Para aportar un poco de contexto, Emilia Pérez es una producción francesa, que retrata la vida y vicisitudes de El Manitas, ficcionalización de narco mexicano, que toma la decisión de cambiar de sexo. Aunque sincrética la síntesis, más allá de ello, nos topamos con una serie de tropiezos que enmarcan dicha producción como una de las obras más irrespetuosas y desatinadas. ¿Por dónde empezar? Es complejo jerarquizar el horror cometido por el director, pero como hemos mencionado, puntualizaremos en uno de sus elementos como premisa fundamental.
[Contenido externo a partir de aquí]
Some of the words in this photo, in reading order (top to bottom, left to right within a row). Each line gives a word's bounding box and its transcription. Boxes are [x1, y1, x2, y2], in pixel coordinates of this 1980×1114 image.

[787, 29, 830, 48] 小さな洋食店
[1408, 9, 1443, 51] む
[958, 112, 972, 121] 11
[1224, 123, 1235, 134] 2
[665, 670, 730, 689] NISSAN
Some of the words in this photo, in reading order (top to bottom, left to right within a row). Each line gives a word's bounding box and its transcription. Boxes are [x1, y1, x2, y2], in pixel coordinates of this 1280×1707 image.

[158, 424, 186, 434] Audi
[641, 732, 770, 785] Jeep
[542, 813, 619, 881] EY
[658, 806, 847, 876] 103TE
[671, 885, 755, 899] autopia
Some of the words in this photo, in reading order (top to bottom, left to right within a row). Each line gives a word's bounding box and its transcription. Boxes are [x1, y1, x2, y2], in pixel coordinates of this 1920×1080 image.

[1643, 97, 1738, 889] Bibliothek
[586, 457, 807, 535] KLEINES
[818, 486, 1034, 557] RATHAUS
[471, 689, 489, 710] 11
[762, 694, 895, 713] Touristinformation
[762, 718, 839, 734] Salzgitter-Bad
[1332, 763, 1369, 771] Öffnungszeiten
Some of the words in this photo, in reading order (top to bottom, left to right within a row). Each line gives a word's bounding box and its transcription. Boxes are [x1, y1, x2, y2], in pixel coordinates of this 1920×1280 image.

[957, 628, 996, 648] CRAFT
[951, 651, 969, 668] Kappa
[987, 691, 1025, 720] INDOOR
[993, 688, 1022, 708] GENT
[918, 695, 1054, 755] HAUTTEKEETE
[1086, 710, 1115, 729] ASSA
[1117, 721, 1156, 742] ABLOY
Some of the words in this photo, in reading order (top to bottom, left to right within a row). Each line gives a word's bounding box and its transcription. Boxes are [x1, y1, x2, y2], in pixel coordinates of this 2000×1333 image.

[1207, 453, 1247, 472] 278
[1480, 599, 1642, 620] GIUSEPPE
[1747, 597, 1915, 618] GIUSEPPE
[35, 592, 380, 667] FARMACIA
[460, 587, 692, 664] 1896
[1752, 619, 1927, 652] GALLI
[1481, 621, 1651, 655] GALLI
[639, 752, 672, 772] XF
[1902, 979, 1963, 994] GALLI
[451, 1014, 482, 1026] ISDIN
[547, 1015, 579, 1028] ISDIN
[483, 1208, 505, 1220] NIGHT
El pésimo e irrespetuoso uso de la lengua española y su componente ideológico. En este sentido, es conveniente recordar la sentencia literal, proferida por Audiard: “El español es un idioma de países emergentes, de países modestos, de gente pobre y migrantes”.  

Escuchar el español de la actriz Selena Gómez es, a vivas luces, algo nefasto. No por capricho, se ha convertido en un meme ambulante. Y ni hablar de las odiosas generalizaciones culturales que terminan desembocando en expresiones absurdas, indicando que los mexicanos huelen a tortillas o guacamole. ¿Pueden ser cuestionables los límites del supuesto arte de Audiard? Nada más erróneo que tratar de interpretar el mundo desde la lengua ajena. Lo curioso es que el director francés, en otra de sus intervenciones, esgrime que su cine es para incomodar al fascismo, en este caso, me atrevo a tomar la vocería del pueblo latino de habla hispana para invitar al pseudointelectual a dimitir en su defensa de valores antifascistas. Nada más fascista que asumir la significación del concepto de lenguas de poder o aprovechar la condición social y cultural de las minorías para acrecentar sus réditos como artista. Aquella percepción de superioridad lingüística es equiparable al mayor acto de xenofobia que pueda llegar a orquestarse. En palabras de Eduardo Galeano en su obra Patas Arriba: la escuela del mundo al revés: “Países en desarrollo es el nombre con que los expertos designan a los países arrollados por el desarrollo ajeno. Según las Naciones Unidas, los países en desarrollo envían a los países desarrollados, a través de las desiguales relaciones comerciales y financieras, diez veces más dinero que el dinero que reciben por la ayuda externa” (Galeano 24).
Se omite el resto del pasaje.